### Extracted records ###

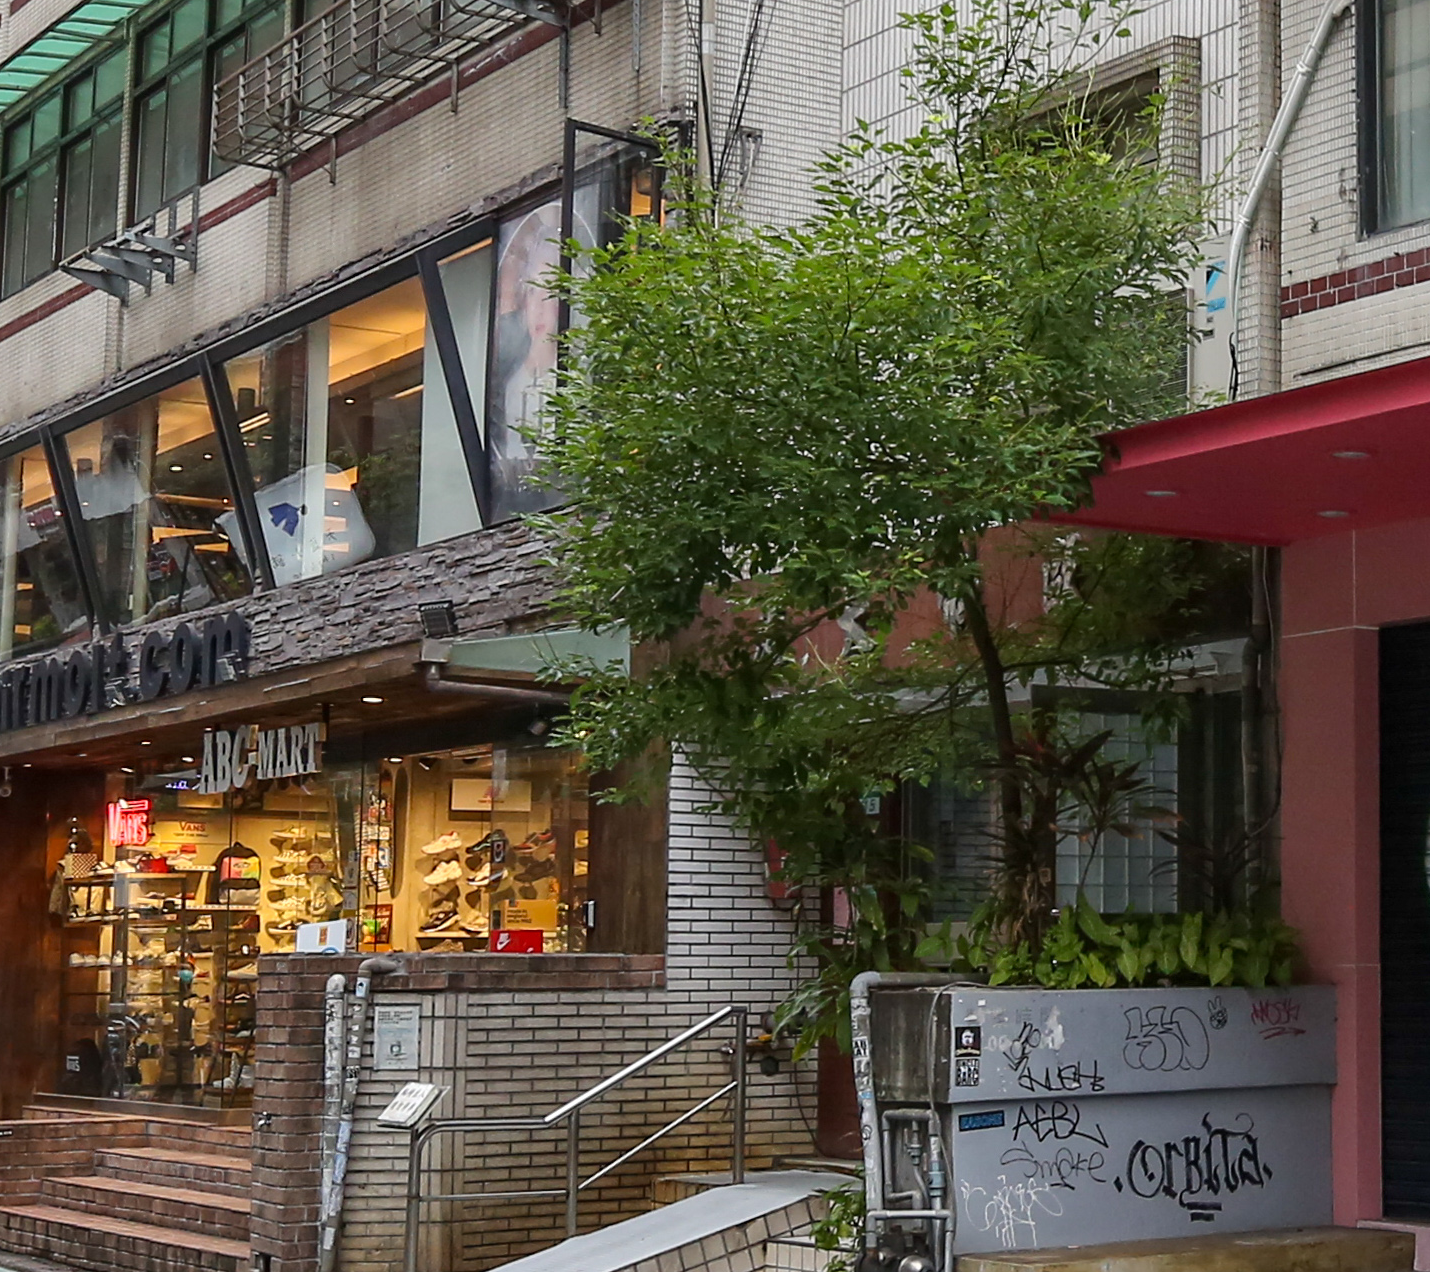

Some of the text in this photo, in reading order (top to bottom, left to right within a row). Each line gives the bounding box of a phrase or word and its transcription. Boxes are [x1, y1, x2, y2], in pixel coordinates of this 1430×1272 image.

[198, 723, 324, 795] ABC-MART
[108, 799, 151, 847] VANS
[179, 821, 206, 832] VANS
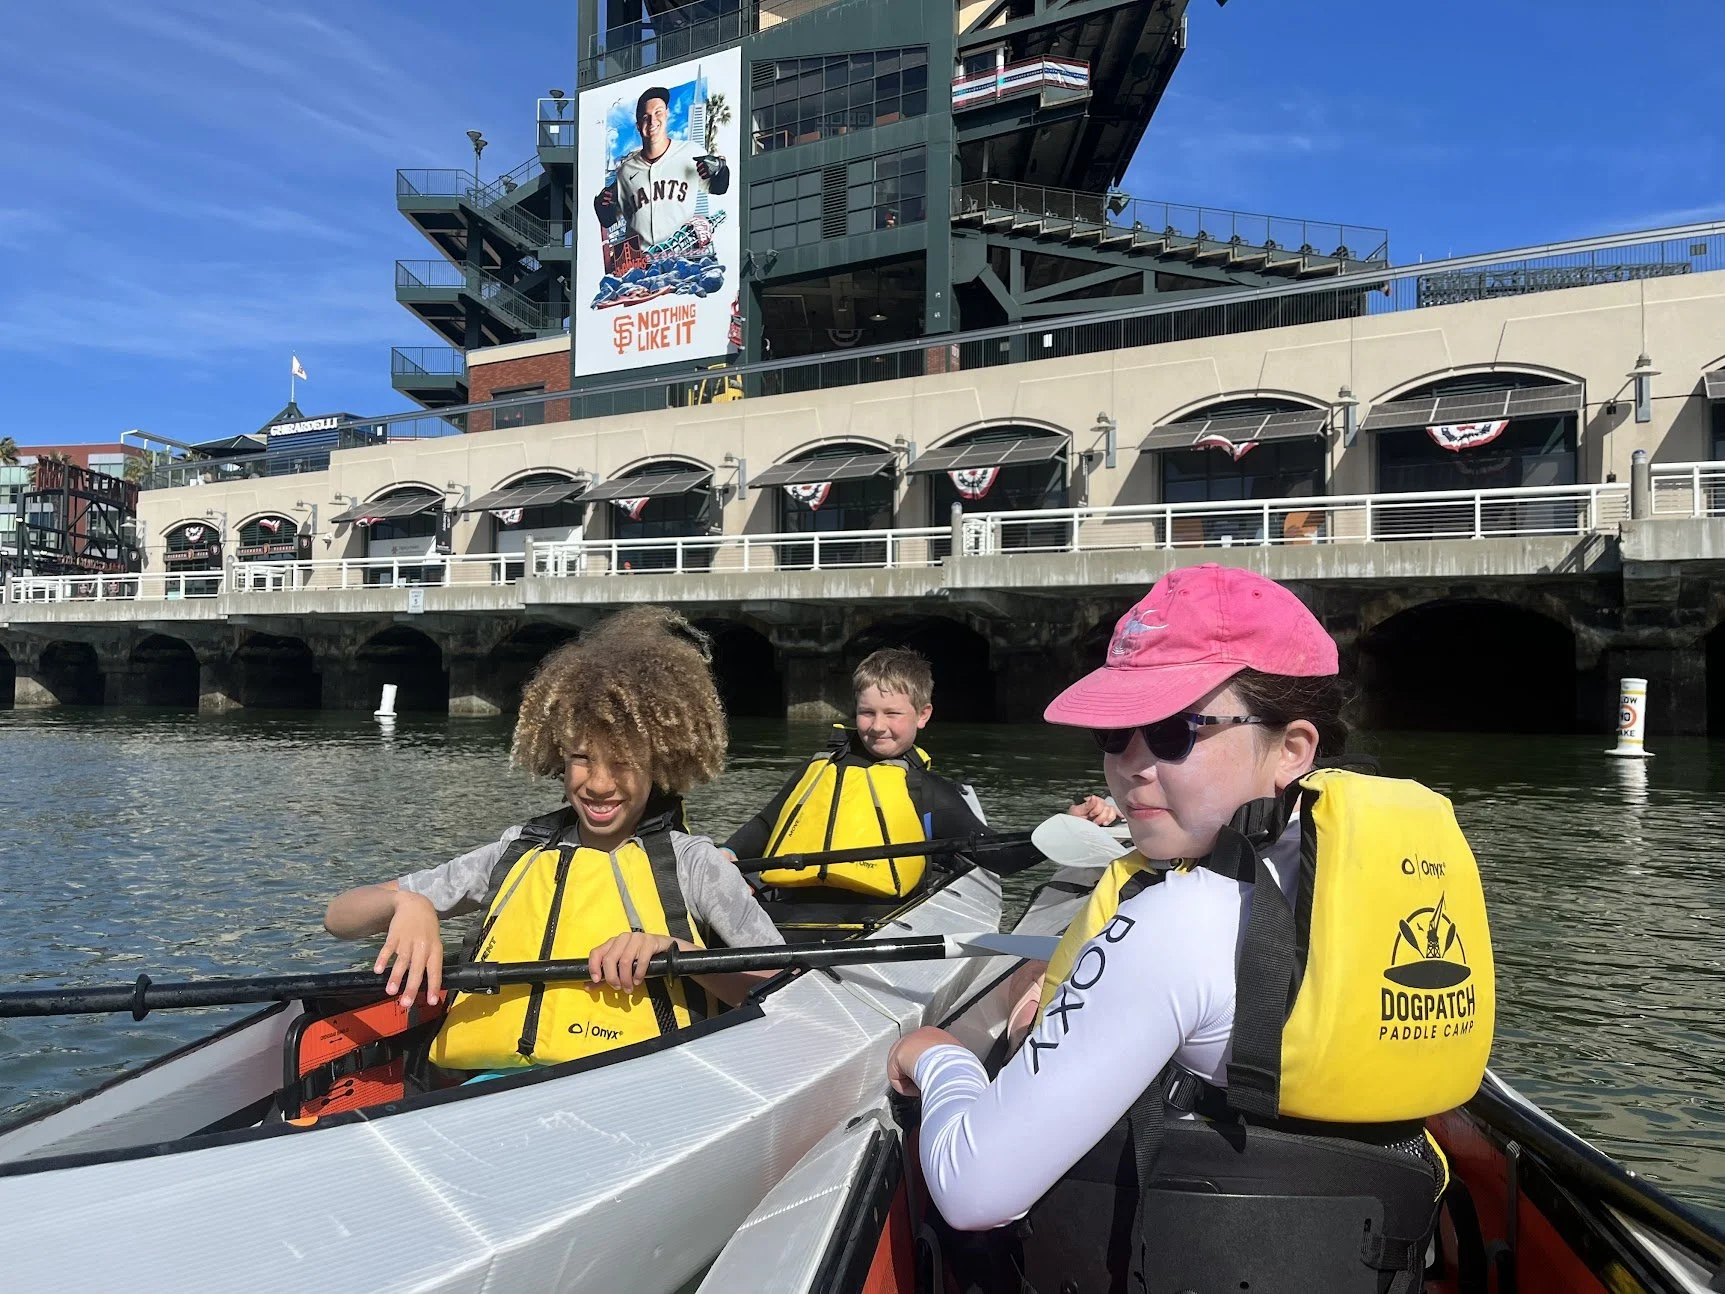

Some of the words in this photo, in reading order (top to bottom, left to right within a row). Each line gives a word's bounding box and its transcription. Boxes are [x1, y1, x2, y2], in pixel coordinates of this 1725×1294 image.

[637, 303, 697, 332] NOTHING
[613, 314, 635, 355] SF
[637, 326, 671, 352] LIKE
[676, 319, 696, 346] IT
[1421, 858, 1446, 879] Onyx
[1028, 914, 1137, 1076] ROXY
[1381, 984, 1476, 1021] DOGPATCH
[591, 1025, 618, 1040] Onyx
[1379, 1024, 1437, 1040] PADDLE
[1443, 1020, 1475, 1036] CAMP

###

_Exercise brief_. Reproduce each line above precisely, with no pictures.

_Output of the exercise_.
Some of the text in this photo, in reading order (top to bottom, left to right within a row). Each line gives the bounding box of a phrase or word and its transcription. Boxes are [x1, y1, x2, y2], in pixel coordinates of this 1430×1272 image.

[198, 723, 324, 795] ABC-MART
[108, 799, 151, 847] VANS
[179, 821, 206, 832] VANS

Some of the words in this photo, in reading order (top to bottom, left to right within a row). Each line gives a word's bounding box and its transcription. Boxes are [x1, y1, x2, y2], in pixel coordinates of this 1725×1294 image.

[637, 303, 697, 332] NOTHING
[613, 314, 635, 355] SF
[637, 326, 671, 352] LIKE
[676, 319, 696, 346] IT
[1421, 858, 1446, 879] Onyx
[1028, 914, 1137, 1076] ROXY
[1381, 984, 1476, 1021] DOGPATCH
[591, 1025, 618, 1040] Onyx
[1379, 1024, 1437, 1040] PADDLE
[1443, 1020, 1475, 1036] CAMP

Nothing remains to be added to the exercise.